→ **WORK INSTRUCTION**: Copy out all the entries word for word.

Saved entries
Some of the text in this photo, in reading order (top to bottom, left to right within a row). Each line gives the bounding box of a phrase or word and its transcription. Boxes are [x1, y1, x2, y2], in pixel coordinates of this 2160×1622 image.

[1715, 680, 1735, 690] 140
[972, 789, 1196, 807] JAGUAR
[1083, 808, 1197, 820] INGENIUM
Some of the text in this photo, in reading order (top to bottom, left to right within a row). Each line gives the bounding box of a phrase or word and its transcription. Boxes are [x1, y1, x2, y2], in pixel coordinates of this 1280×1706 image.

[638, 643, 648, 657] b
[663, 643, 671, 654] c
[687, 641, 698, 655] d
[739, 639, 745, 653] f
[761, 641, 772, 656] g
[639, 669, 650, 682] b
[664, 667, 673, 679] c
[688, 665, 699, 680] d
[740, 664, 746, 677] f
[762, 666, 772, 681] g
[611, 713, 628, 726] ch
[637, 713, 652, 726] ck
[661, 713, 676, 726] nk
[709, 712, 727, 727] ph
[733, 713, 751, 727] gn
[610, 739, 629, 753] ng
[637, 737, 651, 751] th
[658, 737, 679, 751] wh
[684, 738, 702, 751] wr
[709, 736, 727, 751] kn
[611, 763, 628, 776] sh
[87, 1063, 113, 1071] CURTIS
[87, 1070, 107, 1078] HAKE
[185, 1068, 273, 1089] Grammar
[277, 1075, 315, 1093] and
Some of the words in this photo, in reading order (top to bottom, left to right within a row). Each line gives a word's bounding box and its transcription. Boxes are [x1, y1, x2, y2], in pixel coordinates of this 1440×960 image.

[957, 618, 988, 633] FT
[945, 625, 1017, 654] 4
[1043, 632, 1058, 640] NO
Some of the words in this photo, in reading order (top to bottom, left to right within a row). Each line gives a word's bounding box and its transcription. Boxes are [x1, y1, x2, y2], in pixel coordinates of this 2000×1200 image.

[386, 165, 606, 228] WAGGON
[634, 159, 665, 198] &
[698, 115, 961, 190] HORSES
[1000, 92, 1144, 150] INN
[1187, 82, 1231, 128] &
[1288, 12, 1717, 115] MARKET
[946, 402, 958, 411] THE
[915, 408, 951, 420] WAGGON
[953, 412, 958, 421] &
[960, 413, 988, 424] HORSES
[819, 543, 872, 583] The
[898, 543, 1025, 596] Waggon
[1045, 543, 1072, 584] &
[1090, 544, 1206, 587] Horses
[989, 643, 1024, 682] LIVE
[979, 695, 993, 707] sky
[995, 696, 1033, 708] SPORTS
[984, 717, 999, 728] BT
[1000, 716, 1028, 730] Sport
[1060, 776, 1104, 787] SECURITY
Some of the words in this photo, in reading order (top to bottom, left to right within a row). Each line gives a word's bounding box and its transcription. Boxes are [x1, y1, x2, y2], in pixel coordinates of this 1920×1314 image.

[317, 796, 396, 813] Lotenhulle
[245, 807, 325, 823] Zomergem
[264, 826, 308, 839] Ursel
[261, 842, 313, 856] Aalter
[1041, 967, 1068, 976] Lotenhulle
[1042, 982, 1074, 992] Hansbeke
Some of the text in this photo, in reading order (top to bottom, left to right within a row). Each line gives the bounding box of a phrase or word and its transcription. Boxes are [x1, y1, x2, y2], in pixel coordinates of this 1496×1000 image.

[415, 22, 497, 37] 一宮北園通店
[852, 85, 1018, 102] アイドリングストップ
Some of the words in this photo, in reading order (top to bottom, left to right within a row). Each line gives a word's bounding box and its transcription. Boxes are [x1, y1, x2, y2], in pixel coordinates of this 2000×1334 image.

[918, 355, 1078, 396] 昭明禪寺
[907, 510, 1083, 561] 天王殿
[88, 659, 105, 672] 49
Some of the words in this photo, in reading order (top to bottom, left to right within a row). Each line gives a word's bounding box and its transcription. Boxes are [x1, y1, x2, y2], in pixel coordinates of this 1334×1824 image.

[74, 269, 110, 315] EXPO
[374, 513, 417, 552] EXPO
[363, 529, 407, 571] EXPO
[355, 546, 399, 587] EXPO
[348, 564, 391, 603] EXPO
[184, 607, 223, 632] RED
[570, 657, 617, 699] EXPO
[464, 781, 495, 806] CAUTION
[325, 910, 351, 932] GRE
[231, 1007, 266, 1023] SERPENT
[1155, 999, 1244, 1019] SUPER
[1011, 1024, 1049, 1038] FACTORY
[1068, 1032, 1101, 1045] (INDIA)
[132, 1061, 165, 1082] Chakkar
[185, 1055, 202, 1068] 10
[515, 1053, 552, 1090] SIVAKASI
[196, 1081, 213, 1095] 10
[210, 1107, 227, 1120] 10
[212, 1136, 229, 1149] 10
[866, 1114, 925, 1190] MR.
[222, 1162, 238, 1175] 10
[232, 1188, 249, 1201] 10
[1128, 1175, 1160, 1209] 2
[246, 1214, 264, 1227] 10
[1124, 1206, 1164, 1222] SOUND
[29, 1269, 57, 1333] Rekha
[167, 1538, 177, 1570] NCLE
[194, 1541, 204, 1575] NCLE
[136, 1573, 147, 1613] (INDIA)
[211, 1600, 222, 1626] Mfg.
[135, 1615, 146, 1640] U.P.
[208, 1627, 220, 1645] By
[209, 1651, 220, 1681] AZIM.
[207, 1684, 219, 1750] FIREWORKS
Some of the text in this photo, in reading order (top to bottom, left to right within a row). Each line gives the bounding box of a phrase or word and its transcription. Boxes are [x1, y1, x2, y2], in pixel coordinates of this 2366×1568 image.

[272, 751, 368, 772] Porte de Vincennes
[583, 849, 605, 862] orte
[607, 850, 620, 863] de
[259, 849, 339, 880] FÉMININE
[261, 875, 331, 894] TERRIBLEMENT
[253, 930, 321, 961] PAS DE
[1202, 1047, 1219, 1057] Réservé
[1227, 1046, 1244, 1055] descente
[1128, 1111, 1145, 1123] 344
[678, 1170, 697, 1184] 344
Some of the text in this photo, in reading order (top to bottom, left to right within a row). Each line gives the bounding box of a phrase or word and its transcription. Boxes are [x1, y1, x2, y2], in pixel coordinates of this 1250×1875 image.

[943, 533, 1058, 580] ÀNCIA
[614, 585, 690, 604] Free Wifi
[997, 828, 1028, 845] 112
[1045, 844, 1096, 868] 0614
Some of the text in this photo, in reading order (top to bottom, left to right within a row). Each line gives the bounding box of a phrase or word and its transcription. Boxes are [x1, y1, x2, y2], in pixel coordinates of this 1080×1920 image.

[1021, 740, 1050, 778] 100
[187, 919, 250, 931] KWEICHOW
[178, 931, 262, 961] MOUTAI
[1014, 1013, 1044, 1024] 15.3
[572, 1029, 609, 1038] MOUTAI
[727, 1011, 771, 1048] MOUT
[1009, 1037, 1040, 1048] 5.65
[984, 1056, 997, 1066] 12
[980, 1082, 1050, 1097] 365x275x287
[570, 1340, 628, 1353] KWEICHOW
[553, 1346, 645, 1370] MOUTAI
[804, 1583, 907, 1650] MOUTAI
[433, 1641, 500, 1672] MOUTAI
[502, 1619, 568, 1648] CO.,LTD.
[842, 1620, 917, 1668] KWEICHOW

→ **OUTPUT OF THE EXERCISE**:
Some of the text in this photo, in reading order (top to bottom, left to right within a row). Each line gives the bounding box of a phrase or word and its transcription. Boxes are [x1, y1, x2, y2], in pixel coordinates of this 2160×1622 image.

[1715, 680, 1735, 690] 140
[972, 789, 1196, 807] JAGUAR
[1083, 808, 1197, 820] INGENIUM
Some of the text in this photo, in reading order (top to bottom, left to right within a row). Each line gives the bounding box of a phrase or word and its transcription. Boxes are [x1, y1, x2, y2], in pixel coordinates of this 1280×1706 image.

[638, 643, 648, 657] b
[663, 643, 671, 654] c
[687, 641, 698, 655] d
[739, 639, 745, 653] f
[761, 641, 772, 656] g
[639, 669, 650, 682] b
[664, 667, 673, 679] c
[688, 665, 699, 680] d
[740, 664, 746, 677] f
[762, 666, 772, 681] g
[611, 713, 628, 726] ch
[637, 713, 652, 726] ck
[661, 713, 676, 726] nk
[709, 712, 727, 727] ph
[733, 713, 751, 727] gn
[610, 739, 629, 753] ng
[637, 737, 651, 751] th
[658, 737, 679, 751] wh
[684, 738, 702, 751] wr
[709, 736, 727, 751] kn
[611, 763, 628, 776] sh
[87, 1063, 113, 1071] CURTIS
[87, 1070, 107, 1078] HAKE
[185, 1068, 273, 1089] Grammar
[277, 1075, 315, 1093] and
Some of the words in this photo, in reading order (top to bottom, left to right within a row). Each line gives a word's bounding box and its transcription. Boxes are [x1, y1, x2, y2], in pixel coordinates of this 1440×960 image.

[957, 618, 988, 633] FT
[945, 625, 1017, 654] 4
[1043, 632, 1058, 640] NO
Some of the words in this photo, in reading order (top to bottom, left to right within a row). Each line gives a word's bounding box and its transcription. Boxes are [x1, y1, x2, y2], in pixel coordinates of this 2000×1200 image.

[386, 165, 606, 228] WAGGON
[634, 159, 665, 198] &
[698, 115, 961, 190] HORSES
[1000, 92, 1144, 150] INN
[1187, 82, 1231, 128] &
[1288, 12, 1717, 115] MARKET
[946, 402, 958, 411] THE
[915, 408, 951, 420] WAGGON
[953, 412, 958, 421] &
[960, 413, 988, 424] HORSES
[819, 543, 872, 583] The
[898, 543, 1025, 596] Waggon
[1045, 543, 1072, 584] &
[1090, 544, 1206, 587] Horses
[989, 643, 1024, 682] LIVE
[979, 695, 993, 707] sky
[995, 696, 1033, 708] SPORTS
[984, 717, 999, 728] BT
[1000, 716, 1028, 730] Sport
[1060, 776, 1104, 787] SECURITY
Some of the words in this photo, in reading order (top to bottom, left to right within a row). Each line gives a word's bounding box and its transcription. Boxes are [x1, y1, x2, y2], in pixel coordinates of this 1920×1314 image.

[317, 796, 396, 813] Lotenhulle
[245, 807, 325, 823] Zomergem
[264, 826, 308, 839] Ursel
[261, 842, 313, 856] Aalter
[1041, 967, 1068, 976] Lotenhulle
[1042, 982, 1074, 992] Hansbeke
Some of the text in this photo, in reading order (top to bottom, left to right within a row). Each line gives the bounding box of a phrase or word and its transcription. Boxes are [x1, y1, x2, y2], in pixel coordinates of this 1496×1000 image.

[415, 22, 497, 37] 一宮北園通店
[852, 85, 1018, 102] アイドリングストップ
Some of the words in this photo, in reading order (top to bottom, left to right within a row). Each line gives a word's bounding box and its transcription. Boxes are [x1, y1, x2, y2], in pixel coordinates of this 2000×1334 image.

[918, 355, 1078, 396] 昭明禪寺
[907, 510, 1083, 561] 天王殿
[88, 659, 105, 672] 49
Some of the words in this photo, in reading order (top to bottom, left to right within a row). Each line gives a word's bounding box and its transcription. Boxes are [x1, y1, x2, y2], in pixel coordinates of this 1334×1824 image.

[74, 269, 110, 315] EXPO
[374, 513, 417, 552] EXPO
[363, 529, 407, 571] EXPO
[355, 546, 399, 587] EXPO
[348, 564, 391, 603] EXPO
[184, 607, 223, 632] RED
[570, 657, 617, 699] EXPO
[464, 781, 495, 806] CAUTION
[325, 910, 351, 932] GRE
[231, 1007, 266, 1023] SERPENT
[1155, 999, 1244, 1019] SUPER
[1011, 1024, 1049, 1038] FACTORY
[1068, 1032, 1101, 1045] (INDIA)
[132, 1061, 165, 1082] Chakkar
[185, 1055, 202, 1068] 10
[515, 1053, 552, 1090] SIVAKASI
[196, 1081, 213, 1095] 10
[210, 1107, 227, 1120] 10
[212, 1136, 229, 1149] 10
[866, 1114, 925, 1190] MR.
[222, 1162, 238, 1175] 10
[232, 1188, 249, 1201] 10
[1128, 1175, 1160, 1209] 2
[246, 1214, 264, 1227] 10
[1124, 1206, 1164, 1222] SOUND
[29, 1269, 57, 1333] Rekha
[167, 1538, 177, 1570] NCLE
[194, 1541, 204, 1575] NCLE
[136, 1573, 147, 1613] (INDIA)
[211, 1600, 222, 1626] Mfg.
[135, 1615, 146, 1640] U.P.
[208, 1627, 220, 1645] By
[209, 1651, 220, 1681] AZIM.
[207, 1684, 219, 1750] FIREWORKS
Some of the text in this photo, in reading order (top to bottom, left to right within a row). Each line gives the bounding box of a phrase or word and its transcription. Boxes are [x1, y1, x2, y2], in pixel coordinates of this 2366×1568 image.

[272, 751, 368, 772] Porte de Vincennes
[583, 849, 605, 862] orte
[607, 850, 620, 863] de
[259, 849, 339, 880] FÉMININE
[261, 875, 331, 894] TERRIBLEMENT
[253, 930, 321, 961] PAS DE
[1202, 1047, 1219, 1057] Réservé
[1227, 1046, 1244, 1055] descente
[1128, 1111, 1145, 1123] 344
[678, 1170, 697, 1184] 344
Some of the text in this photo, in reading order (top to bottom, left to right within a row). Each line gives the bounding box of a phrase or word and its transcription. Boxes are [x1, y1, x2, y2], in pixel coordinates of this 1250×1875 image.

[943, 533, 1058, 580] ÀNCIA
[614, 585, 690, 604] Free Wifi
[997, 828, 1028, 845] 112
[1045, 844, 1096, 868] 0614
Some of the text in this photo, in reading order (top to bottom, left to right within a row). Each line gives the bounding box of a phrase or word and its transcription. Boxes are [x1, y1, x2, y2], in pixel coordinates of this 1080×1920 image.

[1021, 740, 1050, 778] 100
[187, 919, 250, 931] KWEICHOW
[178, 931, 262, 961] MOUTAI
[1014, 1013, 1044, 1024] 15.3
[572, 1029, 609, 1038] MOUTAI
[727, 1011, 771, 1048] MOUT
[1009, 1037, 1040, 1048] 5.65
[984, 1056, 997, 1066] 12
[980, 1082, 1050, 1097] 365x275x287
[570, 1340, 628, 1353] KWEICHOW
[553, 1346, 645, 1370] MOUTAI
[804, 1583, 907, 1650] MOUTAI
[433, 1641, 500, 1672] MOUTAI
[502, 1619, 568, 1648] CO.,LTD.
[842, 1620, 917, 1668] KWEICHOW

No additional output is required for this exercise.